* **WORK TASK**: Would you retype, word for word, only the lines from the one holding "Some of the text" through the final line of the entries below, without the pictures?

-------- SUPPLIED DATA --------

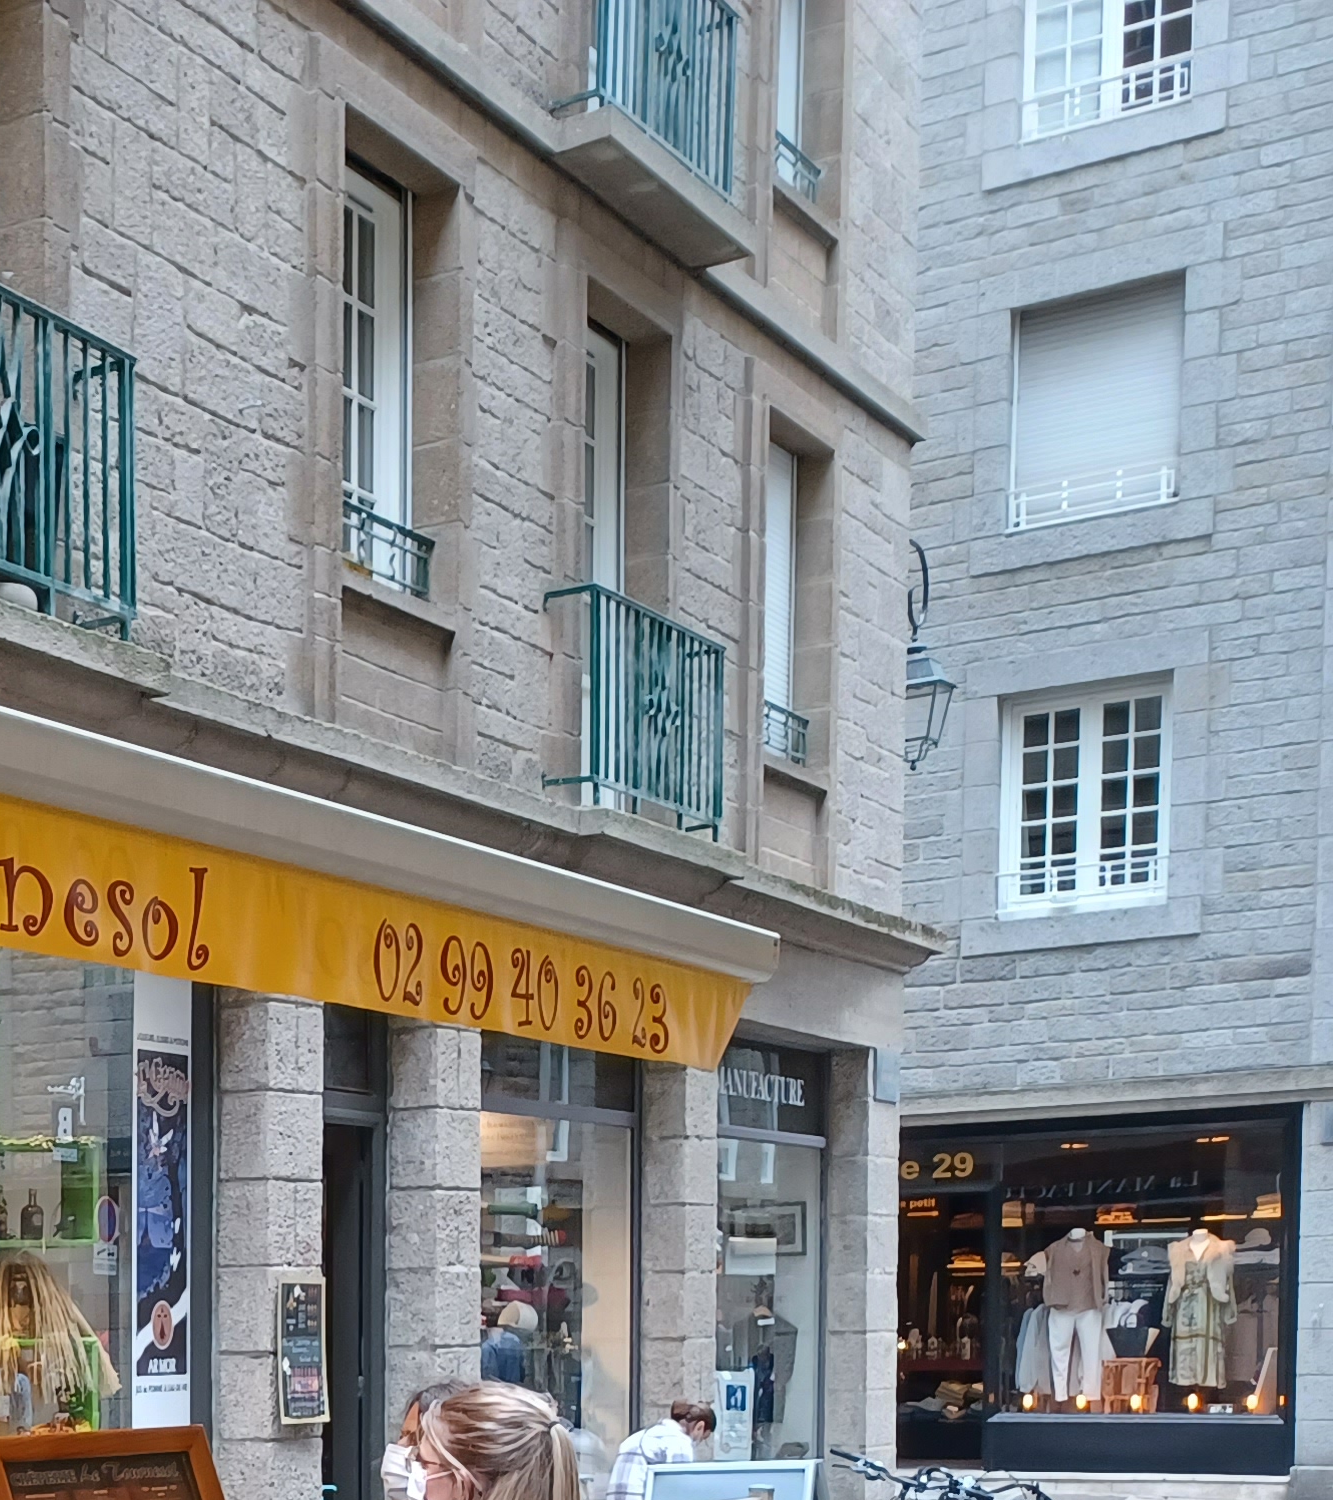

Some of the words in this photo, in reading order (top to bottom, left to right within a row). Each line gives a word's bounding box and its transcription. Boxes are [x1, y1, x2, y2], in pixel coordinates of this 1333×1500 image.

[372, 916, 424, 1007] 02
[439, 934, 494, 1021] 99
[510, 947, 560, 1032] 40
[573, 964, 617, 1043] 36
[630, 977, 670, 1054] 23
[900, 1160, 920, 1180] e
[932, 1152, 974, 1179] 29
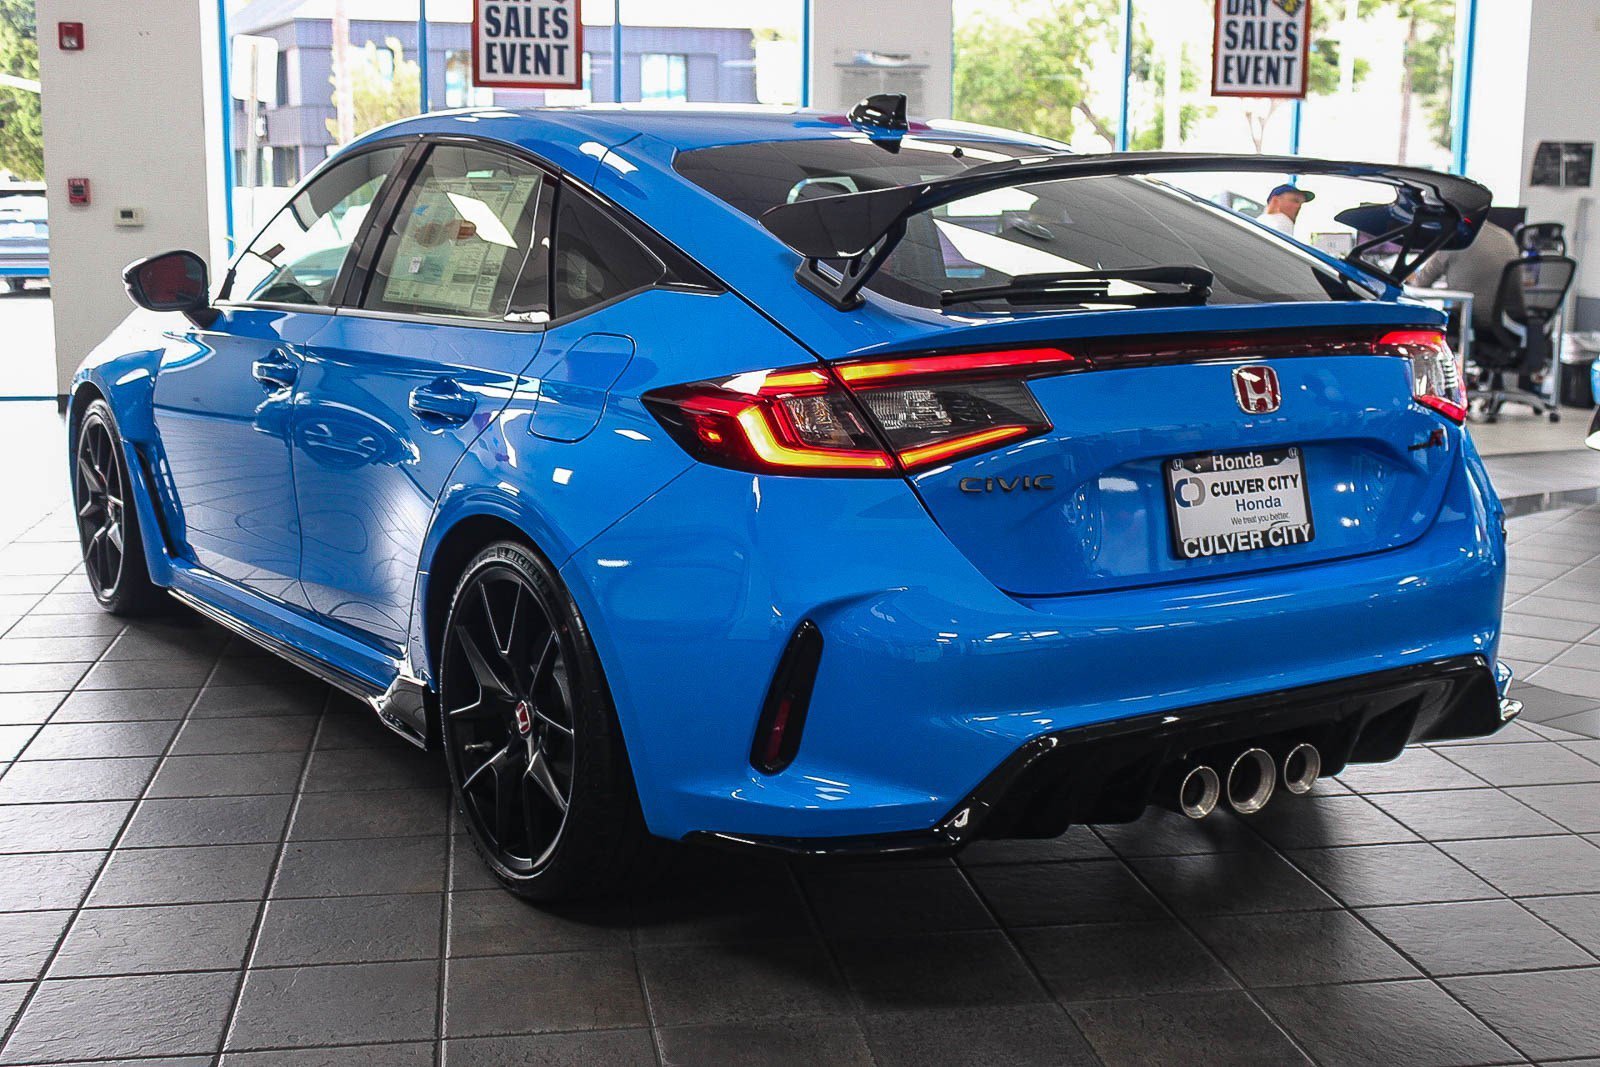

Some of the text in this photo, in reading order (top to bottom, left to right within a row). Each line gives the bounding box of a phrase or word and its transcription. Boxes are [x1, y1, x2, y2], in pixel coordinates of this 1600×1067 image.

[485, 5, 569, 39] SALES
[1225, 20, 1297, 51] SALES
[486, 42, 569, 75] EVENT
[1223, 55, 1297, 85] EVENT
[1212, 452, 1264, 471] Honda
[960, 475, 1056, 492] CIVIC
[1210, 474, 1299, 497] CULVER CITY
[1236, 496, 1281, 512] Honda
[1231, 516, 1242, 525] We
[1258, 515, 1269, 524] you
[1184, 523, 1311, 558] CULVER CITY
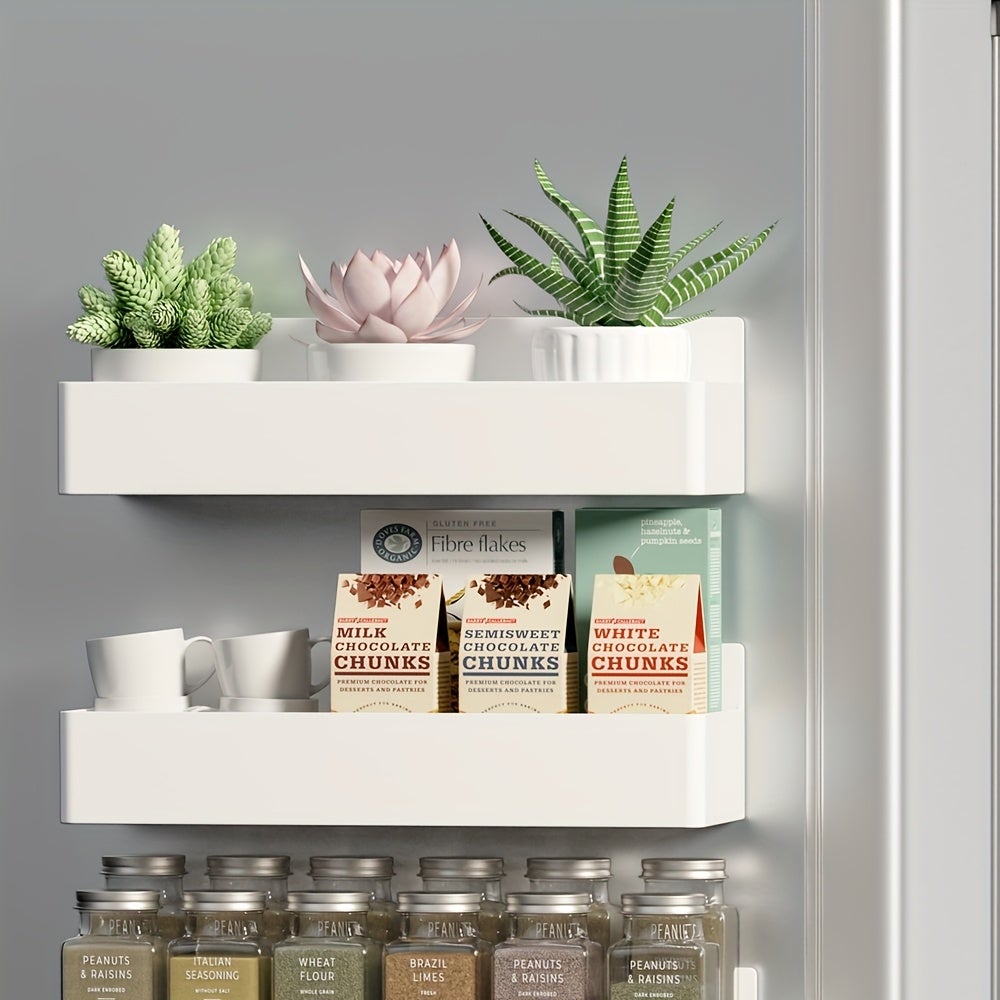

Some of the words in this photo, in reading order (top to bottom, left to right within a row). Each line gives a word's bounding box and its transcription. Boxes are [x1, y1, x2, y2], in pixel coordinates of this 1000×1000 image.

[432, 534, 473, 552] Fibre
[479, 534, 526, 552] flakes
[640, 537, 678, 545] pumpkin
[680, 537, 702, 545] seeds
[378, 548, 418, 562] ORGANIC
[336, 627, 387, 638] MILK
[464, 630, 560, 639] SEMISWEET
[594, 628, 660, 639] WHITE
[335, 642, 431, 651] CHOCOLATE
[464, 642, 560, 652] CHOCOLATE
[592, 643, 689, 652] CHOCOLATE
[334, 655, 430, 670] CHUNKS
[462, 656, 560, 670] CHUNKS
[591, 656, 688, 671] CHUNKS
[82, 955, 130, 966] PEANUTS
[193, 956, 232, 966] ITALIAN
[298, 957, 336, 968] WHEAT
[410, 958, 448, 969] BRAZIL
[513, 959, 562, 970] PEANUTS
[630, 960, 678, 970] PEANUTS
[80, 970, 87, 979] &
[91, 970, 132, 979] RAISINS
[185, 970, 240, 980] SEASONING
[300, 971, 335, 981] FLOUR
[413, 972, 445, 983] LIMES
[511, 974, 518, 984] &
[522, 974, 564, 984] RAISINS
[628, 974, 634, 984] &
[638, 974, 680, 984] RAISINS

--------

* **RESPONSE TO THIS TASK**:
Some of the text in this photo, in reading order (top to bottom, left to right within a row). Each line gives the bounding box of a phrase or word and its transcription. Boxes are [x1, y1, x2, y2], in pixel coordinates of this 1600×1067 image.

[485, 5, 569, 39] SALES
[1225, 20, 1297, 51] SALES
[486, 42, 569, 75] EVENT
[1223, 55, 1297, 85] EVENT
[1212, 452, 1264, 471] Honda
[960, 475, 1056, 492] CIVIC
[1210, 474, 1299, 497] CULVER CITY
[1236, 496, 1281, 512] Honda
[1231, 516, 1242, 525] We
[1258, 515, 1269, 524] you
[1184, 523, 1311, 558] CULVER CITY

Some of the words in this photo, in reading order (top to bottom, left to right within a row). Each line gives a word's bounding box and its transcription. Boxes are [x1, y1, x2, y2], in pixel coordinates of this 1000×1000 image.

[432, 534, 473, 552] Fibre
[479, 534, 526, 552] flakes
[640, 537, 678, 545] pumpkin
[680, 537, 702, 545] seeds
[378, 548, 418, 562] ORGANIC
[336, 627, 387, 638] MILK
[464, 630, 560, 639] SEMISWEET
[594, 628, 660, 639] WHITE
[335, 642, 431, 651] CHOCOLATE
[464, 642, 560, 652] CHOCOLATE
[592, 643, 689, 652] CHOCOLATE
[334, 655, 430, 670] CHUNKS
[462, 656, 560, 670] CHUNKS
[591, 656, 688, 671] CHUNKS
[82, 955, 130, 966] PEANUTS
[193, 956, 232, 966] ITALIAN
[298, 957, 336, 968] WHEAT
[410, 958, 448, 969] BRAZIL
[513, 959, 562, 970] PEANUTS
[630, 960, 678, 970] PEANUTS
[80, 970, 87, 979] &
[91, 970, 132, 979] RAISINS
[185, 970, 240, 980] SEASONING
[300, 971, 335, 981] FLOUR
[413, 972, 445, 983] LIMES
[511, 974, 518, 984] &
[522, 974, 564, 984] RAISINS
[628, 974, 634, 984] &
[638, 974, 680, 984] RAISINS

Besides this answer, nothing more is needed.